Mariana Castillo Deball selects four artworks and archaeological artefacts

M
BY Mariana Castillo Deball in Critic's Guides | 26 AUG 14

courtesy: Michael Hofmann

STANDING GIRL

In 2005 excavations began in front of the Rote Rathaus in Berlin. Archaeologists were searching for settlements from the Early to Middle Ages. Among the ancient pottery, modern foundations and layers of war rubble, other objects were slowly unearthed. A worker came across a heavy metallic object resembling a bronze sculpture. Afterwards more of its kind appeared. Eventually these were identified as part of the collection of artworks that had been deemed ‘Entartete Kunst’ (Degenerate art), among them Otto Baum’s Stehendes Mädchen (Standing Girl, 1930–31). This bronze sculpture was not fully restored. The decision was made to leave the patina of what it had gone through over the years. That way it became an archaeological artefact of the recent past.

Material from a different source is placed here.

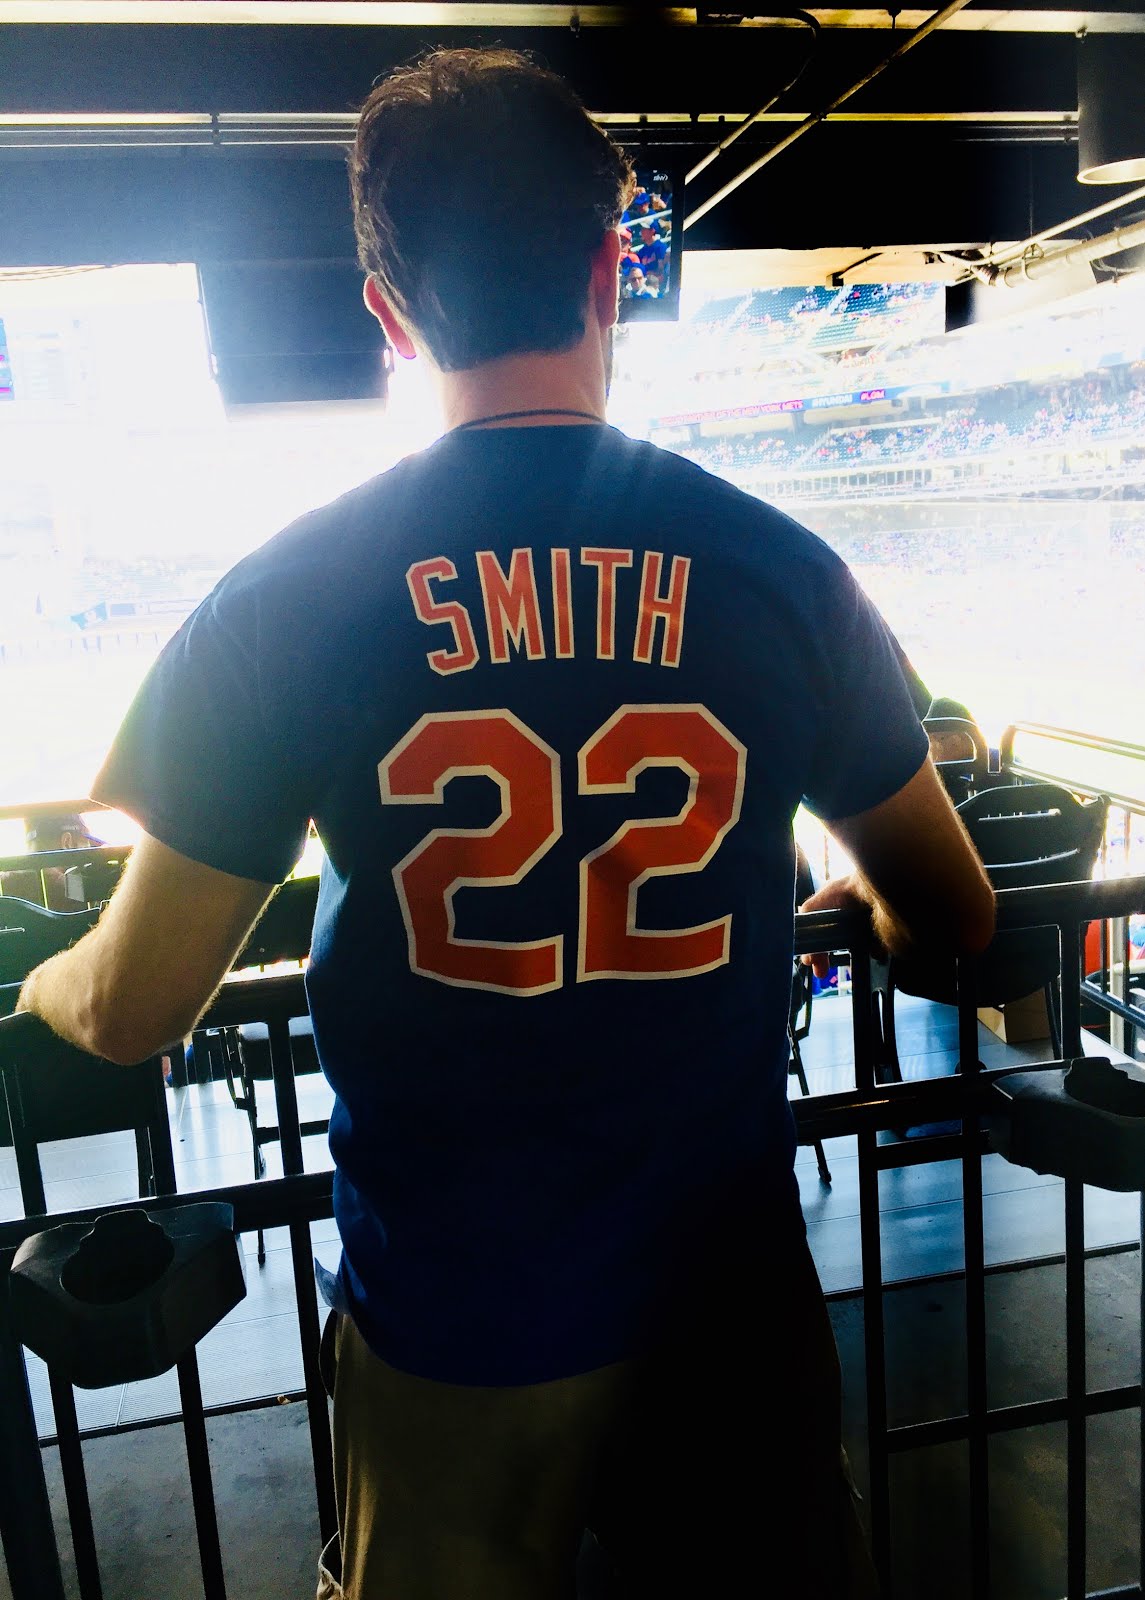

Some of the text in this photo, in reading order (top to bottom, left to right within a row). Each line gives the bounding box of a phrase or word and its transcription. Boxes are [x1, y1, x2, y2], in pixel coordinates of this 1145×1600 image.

courtesy: Alte Nationalgalerie, Berlin

THE CARPET SELLER ON THE STREET

Persischer Teppichhändler auf der Straße (The Carpet Seller on the Street, 1888) is held in the collection of the Nationalgalerie in Berlin. Aside from being a painter, its author Osman Hamdi Bey (1842–1910) was also an intellectual, archaeologist, and state official known for his role in founding the Archaeological Museum in Constantinople. He was also in charge of regu­lating excavations in the Ottoman Empire and was responsible for issuing permits for archaeological explo­ration to the French, British and German empires. Hamdi Bey often used himself as a model in his paintings. Many of his compositions started from photographs of himself in traditional costumes. Each painting is a collage of the objects, people and places that surrounded him. In this particular scene, he seems to have depicted himself twice: as a local to the left of the street vendor, and as a tourist guide, translating his culture to foreigners.

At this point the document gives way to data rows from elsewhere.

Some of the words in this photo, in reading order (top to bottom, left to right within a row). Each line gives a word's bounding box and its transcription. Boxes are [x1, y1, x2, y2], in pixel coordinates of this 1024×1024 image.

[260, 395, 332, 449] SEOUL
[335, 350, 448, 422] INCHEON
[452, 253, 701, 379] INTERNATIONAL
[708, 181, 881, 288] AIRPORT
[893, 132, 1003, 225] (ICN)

courtesy: The Archaeological Museum, Istanbul

APOLLO MITHRAS BUST

A massive stone head stands in a desert landscape, gazing to the horizon. The top of the head is probably hollow. Standing on a pile of stones a man is looking into it as if he has dropped something inside. In 1883, together with Osgan Effendi, Osman Hamdi Bey organized the first archae­ological dig at the Commagene Tumulus, Nemroud-Dagh in southern Turkey. The man pictured isn’t Hamdi Bey but one of the Kurdish workers he employed during the expedition. The image shows the stone head in relation to human scale and gives a sense of continuity between the an­cient monuments and the modern inhabitants of the region.

courtesy: Mariana Castillo Deball

NULL PROBLEMO

On 8 September 1989, two visitors arrived at the Galerie der Romantik at the Schloss Charlottenburg in Berlin, one pushing the other in a wheelchair. All of a sudden they ripped two paintings from the wall and jumped through a window into the adjacent park. One of the paintings they took was Der arme Poet (The Poor Poet, 1839) – one of the most well known and beloved oil paintings by German painter Carl Spitzweg. The only clue the thieves left behind was a foldable, red wheelchair with the inscription ‘null Problemo’ written on its side in black marker. The painting has never been recovered. The image below shows a replica I made of the wheelchair, based on images I found in newspapers of the time.

Mariana Castillo Deball is an artist who lives in Berlin. In 2013, she was awarded the National Gallery Prize for Young Art. Her corresponding solo exhibition Parergon will be on view at Hamburger Bahnhof, Berlin, from 20 September 2014 until 1 March 2015.